Diane Keaton and Woody Allen analyze a sculpture on display at MOMA in Manhattan (1979)

Our mission is to create a place to celebrate and explore how film has reflected and shaped world culture, and to help us all better understand what the movies have meant – and continue to mean – in our lives. Thirteen locations across Los Angeles were carefully assessed as potential sites on which to build our new institution. Ultimately, the Museum Committee felt that the museum was meant to live in Holly­wood, a neighborhood synonymous with the film industry. The chosen site, adjacent to the Academy’s existing Pickford Center, allows for the creation of a sunny, eight-acre campus.

The museum will be open year-round and become a landmark attraction for Hollywood and the greater Los Angeles area, a place for watching and learning about film and filmmaking, for exploring film’s relationship with the greater world and for listening to stories told by filmmakers themselves.

The museum’s public programs, lectures and hands-on exhibits will attract Los Angelenos, tourists, Academy members, film professionals, students and everyone in between. While people may be initially drawn in by the allure of Hollywood, we hope they will leave inspired and exhilarated, with a deeper appreciation for what movies have given them – characters they root for and sympathize with, glimpses into lives they wouldn’t have otherwise known, and stories that have shaped the American dream and our sense of national identity.

Sidney Poitier in the film classic 'To Sir With Love' (1967) with Lulu.

Sidney Poitier in the film classic 'To Sir With Love' (1967) with Lulu.

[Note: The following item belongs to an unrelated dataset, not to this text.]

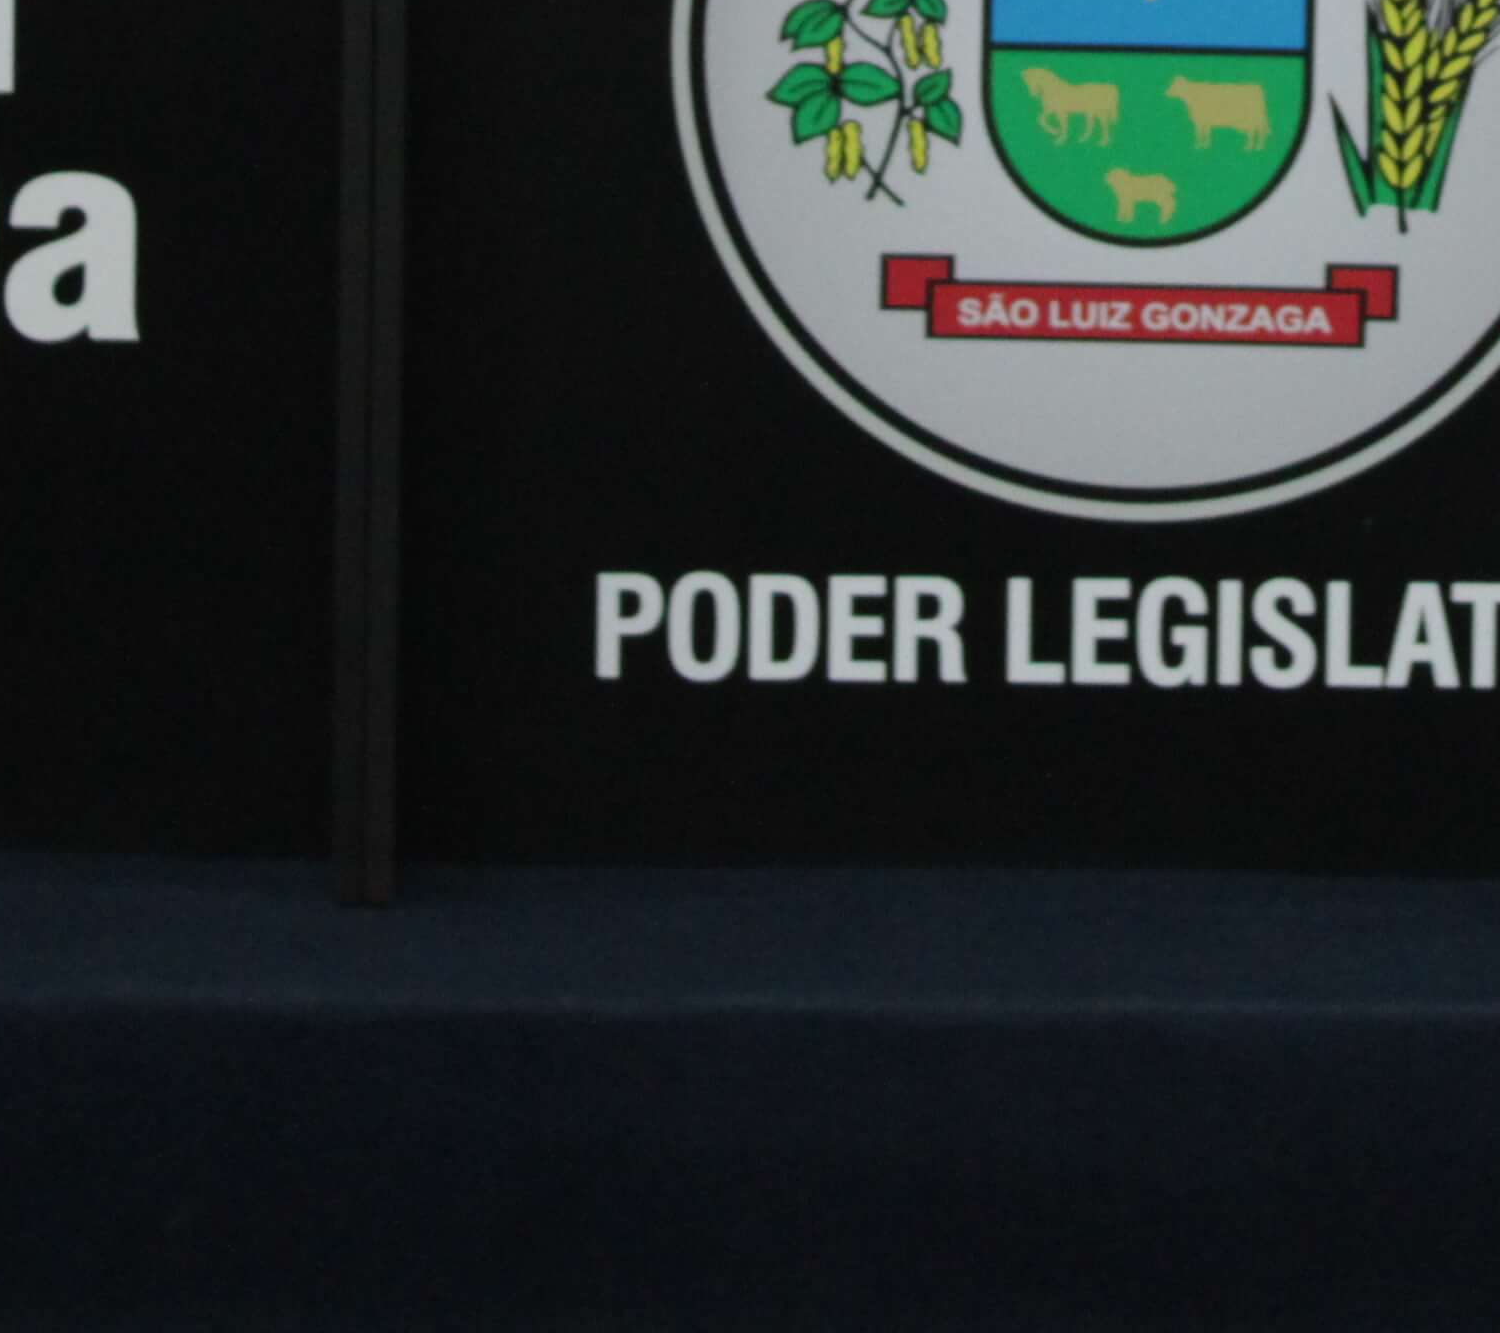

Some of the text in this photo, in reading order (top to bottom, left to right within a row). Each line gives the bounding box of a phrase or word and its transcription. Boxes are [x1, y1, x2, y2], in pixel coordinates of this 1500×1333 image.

[957, 291, 1332, 335] SÃO LUIZ GONZAGA
[595, 570, 967, 683] PODER

Who are our heroes and how have they changed over time? How have films depicted volatile issues like civil rights, religion, gender relations, poverty and war? How have they shaped our sense of masculinity, femininity and romance? How have Hollywood and Southern California affected the image of the United States, at home and abroad? Such are some of the topics the museum’s exhibits will explore, while allowing visitors to view films within the historical, cultural and technological contexts in which they were made.

But to see a film on screen is to see a finished product, not the creative process behind it. And so the Academy’s museum will also include spaces that explore the evolution of filmmaking. It will pull back the curtain, celebrating movie magic while allowing visitors a peek at how it is created. Each of the crafts will be illustrated in lucid, dazzling and unexpected ways, inviting visitors to explore often hidden worlds, whether that be a soundstage, an art department, a post-production studio or the Oscar® show itself. Visitors will be invited to sit in the director’s chair, costume a character, light a starlet, choose a location, cast a film, edit a trailer, score a movie, even walk the red carpet. They will come away with a better understanding of each craft, feeling that they have experienced cinematic creation themselves. It will forever change the way they watch movies.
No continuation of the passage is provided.